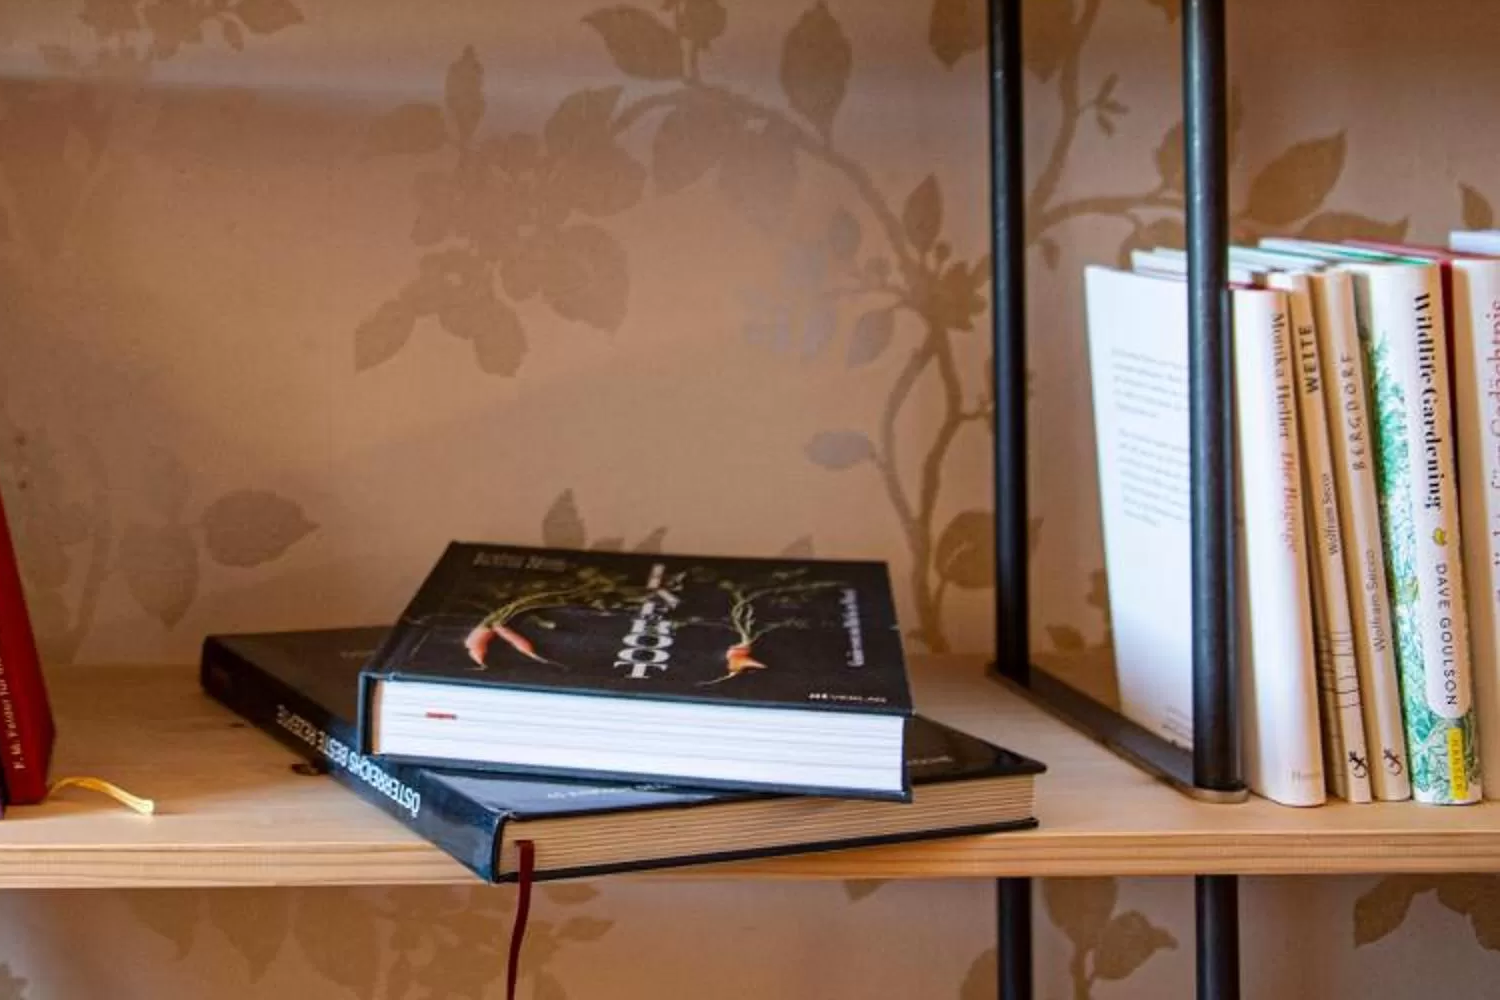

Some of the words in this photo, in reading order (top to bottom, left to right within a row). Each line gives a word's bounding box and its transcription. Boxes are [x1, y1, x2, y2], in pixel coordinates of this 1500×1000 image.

[1271, 312, 1289, 379] Monika
[1298, 325, 1319, 395] WEITE
[1413, 293, 1437, 384] Wildlife
[1340, 353, 1368, 472] BERGDORF
[1421, 388, 1445, 510] Gardening
[1322, 507, 1339, 556] Wolfram
[1434, 563, 1451, 609] DAVE
[1368, 593, 1386, 653] Wolfram
[1439, 617, 1458, 706] GOULSON
[1, 699, 20, 738] Felder
[315, 732, 348, 767] BESTE
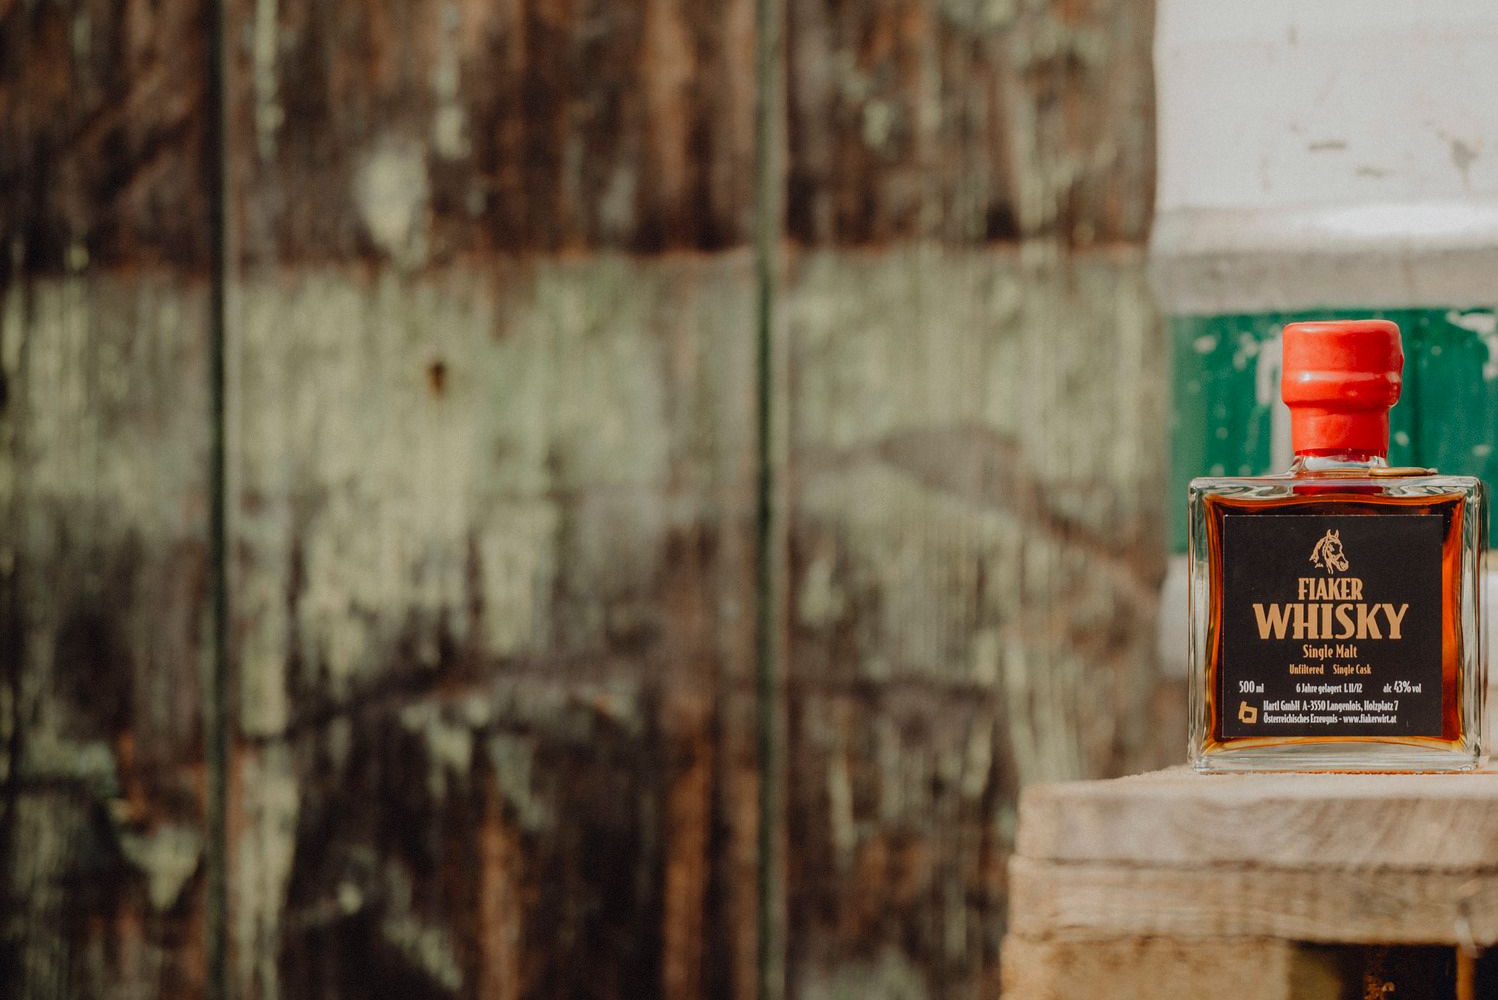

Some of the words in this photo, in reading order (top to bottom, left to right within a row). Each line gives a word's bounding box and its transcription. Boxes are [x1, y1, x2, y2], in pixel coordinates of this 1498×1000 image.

[1298, 577, 1364, 600] FIAKER
[1252, 603, 1409, 640] WHISKY
[1303, 644, 1334, 661] Single
[1336, 644, 1358, 659] Malt
[1289, 663, 1325, 675] Unfiltered
[1333, 663, 1355, 677] Single
[1356, 663, 1372, 675] Cask
[1239, 680, 1255, 693] 500
[1256, 683, 1265, 693] ml
[1296, 683, 1301, 693] 6
[1301, 683, 1317, 693] Jahre
[1318, 683, 1342, 695] gelagert
[1393, 680, 1412, 693] 43%
[1412, 683, 1422, 693] vol
[1263, 700, 1280, 711] Hartl
[1280, 700, 1300, 711] GmbH
[1302, 700, 1326, 711] A-3550
[1326, 700, 1363, 713] Langenlois,
[1364, 700, 1394, 713] Holzplatz
[1394, 700, 1399, 711] 7
[1263, 712, 1309, 724] Österreichisches
[1310, 713, 1338, 725] Erzeugnis
[1343, 713, 1397, 724] www.fiakerwirt.at
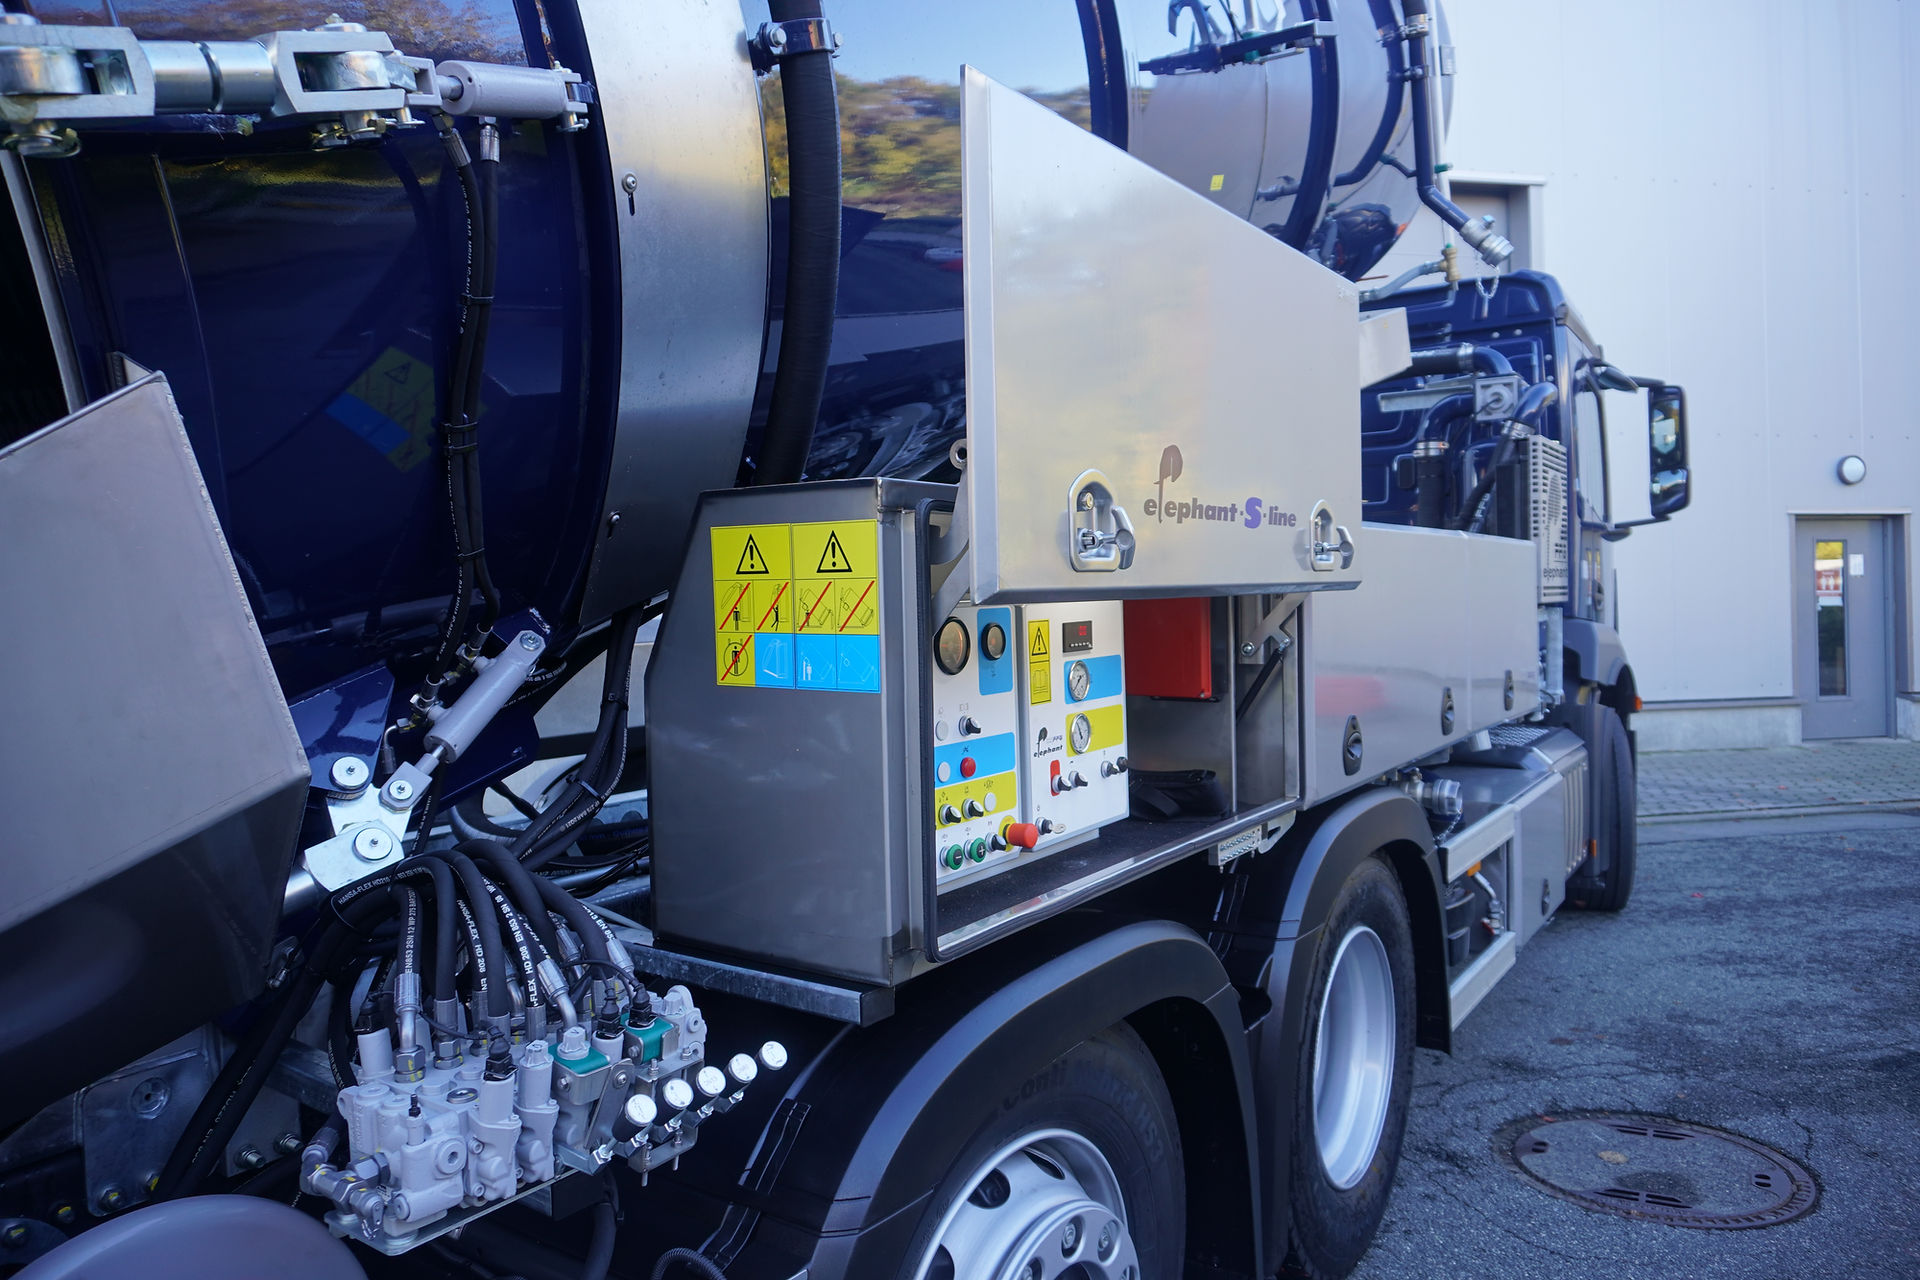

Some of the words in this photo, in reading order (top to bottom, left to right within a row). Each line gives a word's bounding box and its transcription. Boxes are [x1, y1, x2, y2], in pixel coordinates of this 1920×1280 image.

[1144, 496, 1238, 524] elephant
[1268, 505, 1297, 527] line
[338, 881, 374, 905] HANSA-FLEX
[457, 899, 480, 940] HANSA-FLEX
[595, 919, 608, 930] EN
[513, 930, 524, 943] EN
[475, 944, 484, 957] HD
[519, 945, 530, 961] 208
[477, 957, 486, 973] 208
[523, 961, 534, 975] HD
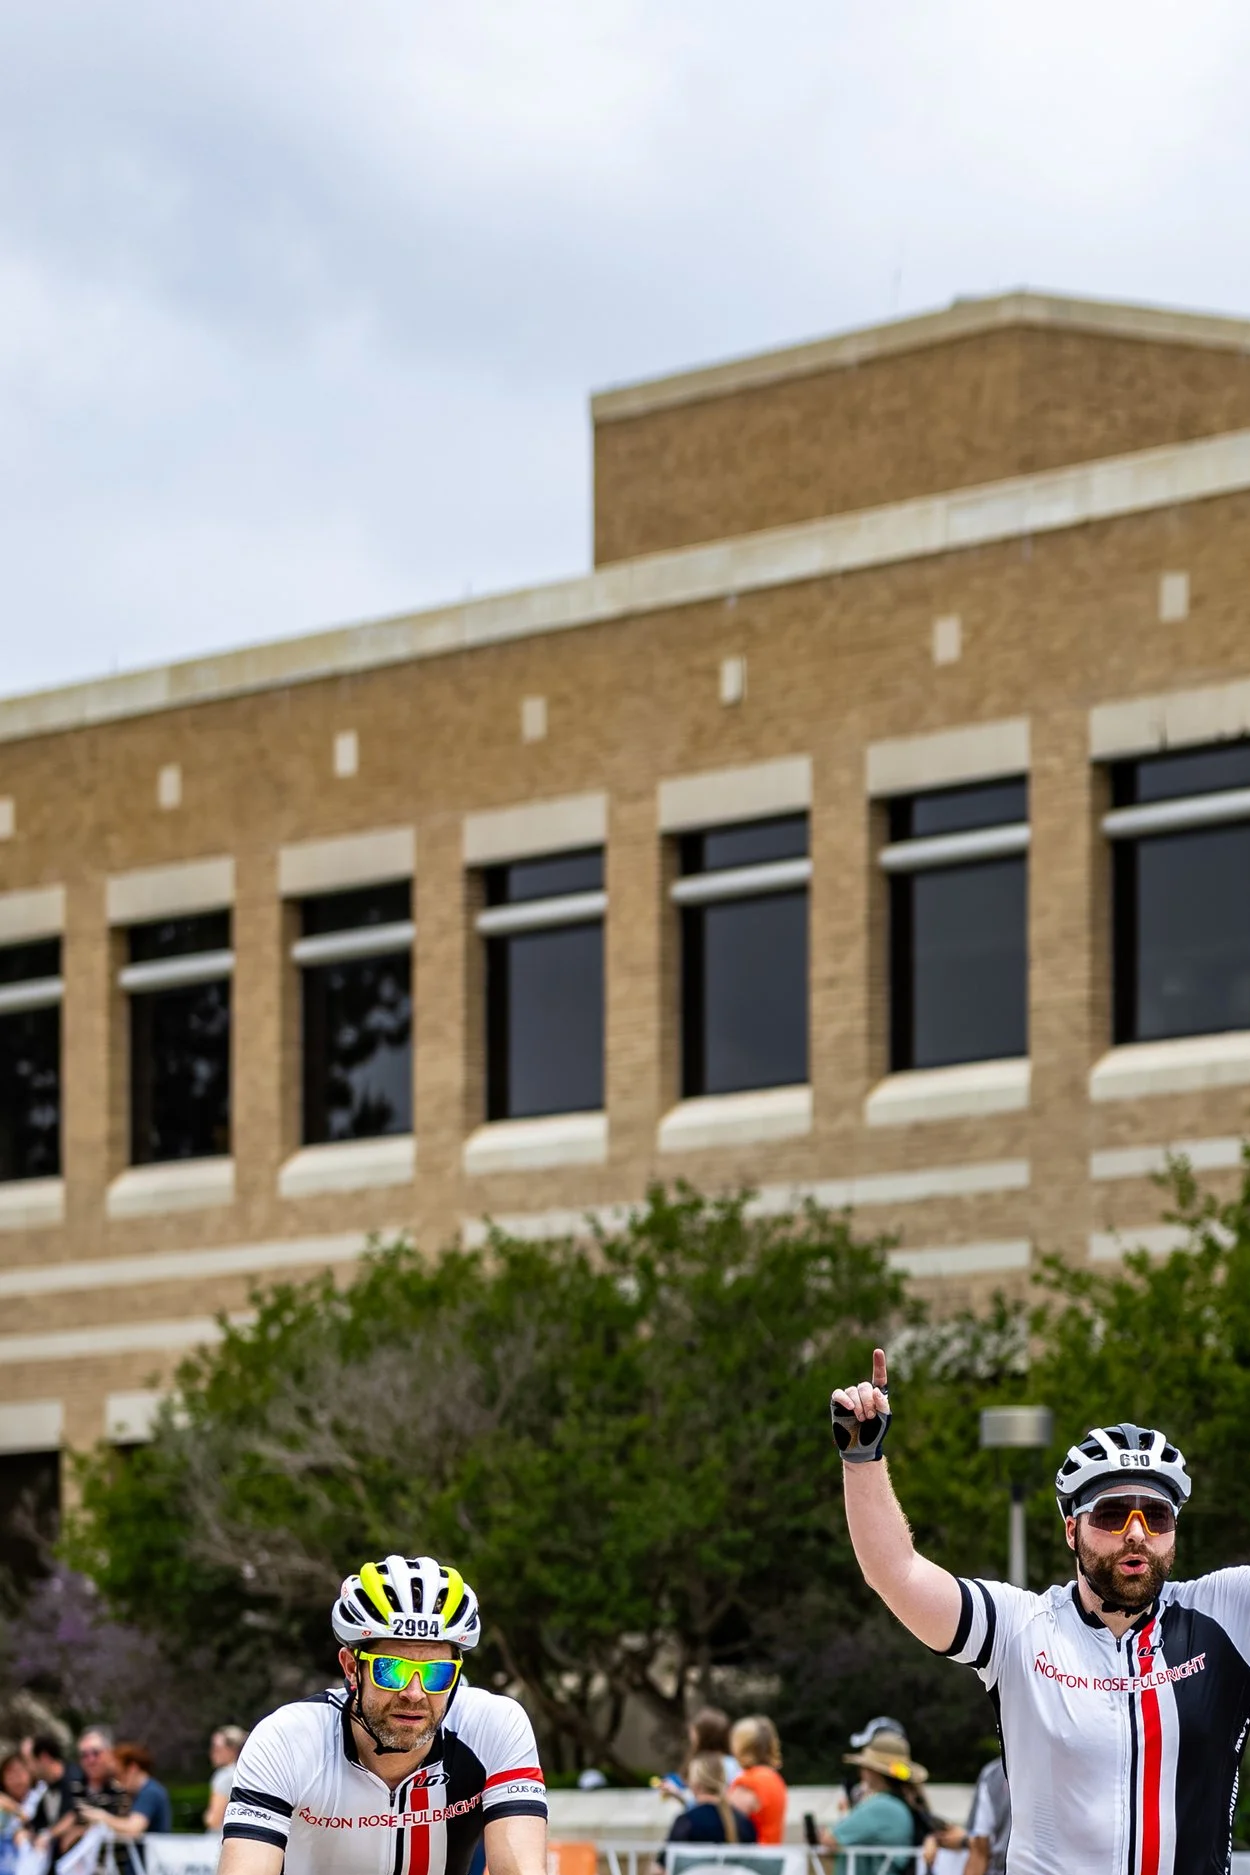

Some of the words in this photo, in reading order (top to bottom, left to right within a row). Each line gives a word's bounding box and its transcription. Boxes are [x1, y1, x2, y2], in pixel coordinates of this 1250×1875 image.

[392, 1618, 440, 1638] 2994
[1093, 1677, 1129, 1691] ROSE
[1131, 1652, 1206, 1691] FULBRIGHT
[358, 1814, 398, 1829] ROSE
[402, 1791, 482, 1827] FULBRIGHT

***

• [EXERCISE DESCRIPTION] An exact copy of the listing is required, with every image removed.

• [SOLVED EXERCISE]
Some of the words in this photo, in reading order (top to bottom, left to right within a row). Each line gives a word's bounding box and its transcription. Boxes are [x1, y1, x2, y2], in pixel coordinates of this 1500×1000 image.

[1271, 312, 1289, 379] Monika
[1298, 325, 1319, 395] WEITE
[1413, 293, 1437, 384] Wildlife
[1340, 353, 1368, 472] BERGDORF
[1421, 388, 1445, 510] Gardening
[1322, 507, 1339, 556] Wolfram
[1434, 563, 1451, 609] DAVE
[1368, 593, 1386, 653] Wolfram
[1439, 617, 1458, 706] GOULSON
[1, 699, 20, 738] Felder
[315, 732, 348, 767] BESTE

Some of the words in this photo, in reading order (top to bottom, left to right within a row). Each line gives a word's bounding box and its transcription. Boxes are [x1, y1, x2, y2], in pixel coordinates of this 1498×1000 image.

[1298, 577, 1364, 600] FIAKER
[1252, 603, 1409, 640] WHISKY
[1303, 644, 1334, 661] Single
[1336, 644, 1358, 659] Malt
[1289, 663, 1325, 675] Unfiltered
[1333, 663, 1355, 677] Single
[1356, 663, 1372, 675] Cask
[1239, 680, 1255, 693] 500
[1256, 683, 1265, 693] ml
[1296, 683, 1301, 693] 6
[1301, 683, 1317, 693] Jahre
[1318, 683, 1342, 695] gelagert
[1393, 680, 1412, 693] 43%
[1412, 683, 1422, 693] vol
[1263, 700, 1280, 711] Hartl
[1280, 700, 1300, 711] GmbH
[1302, 700, 1326, 711] A-3550
[1326, 700, 1363, 713] Langenlois,
[1364, 700, 1394, 713] Holzplatz
[1394, 700, 1399, 711] 7
[1263, 712, 1309, 724] Österreichisches
[1310, 713, 1338, 725] Erzeugnis
[1343, 713, 1397, 724] www.fiakerwirt.at

Some of the words in this photo, in reading order (top to bottom, left to right within a row). Each line gives a word's bounding box and its transcription. Boxes are [x1, y1, x2, y2], in pixel coordinates of this 1920×1280 image.

[1144, 496, 1238, 524] elephant
[1268, 505, 1297, 527] line
[338, 881, 374, 905] HANSA-FLEX
[457, 899, 480, 940] HANSA-FLEX
[595, 919, 608, 930] EN
[513, 930, 524, 943] EN
[475, 944, 484, 957] HD
[519, 945, 530, 961] 208
[477, 957, 486, 973] 208
[523, 961, 534, 975] HD

Some of the words in this photo, in reading order (top to bottom, left to right within a row). Each line gives a word's bounding box and its transcription. Boxes are [x1, y1, x2, y2], in pixel coordinates of this 1250×1875 image.

[392, 1618, 440, 1638] 2994
[1093, 1677, 1129, 1691] ROSE
[1131, 1652, 1206, 1691] FULBRIGHT
[358, 1814, 398, 1829] ROSE
[402, 1791, 482, 1827] FULBRIGHT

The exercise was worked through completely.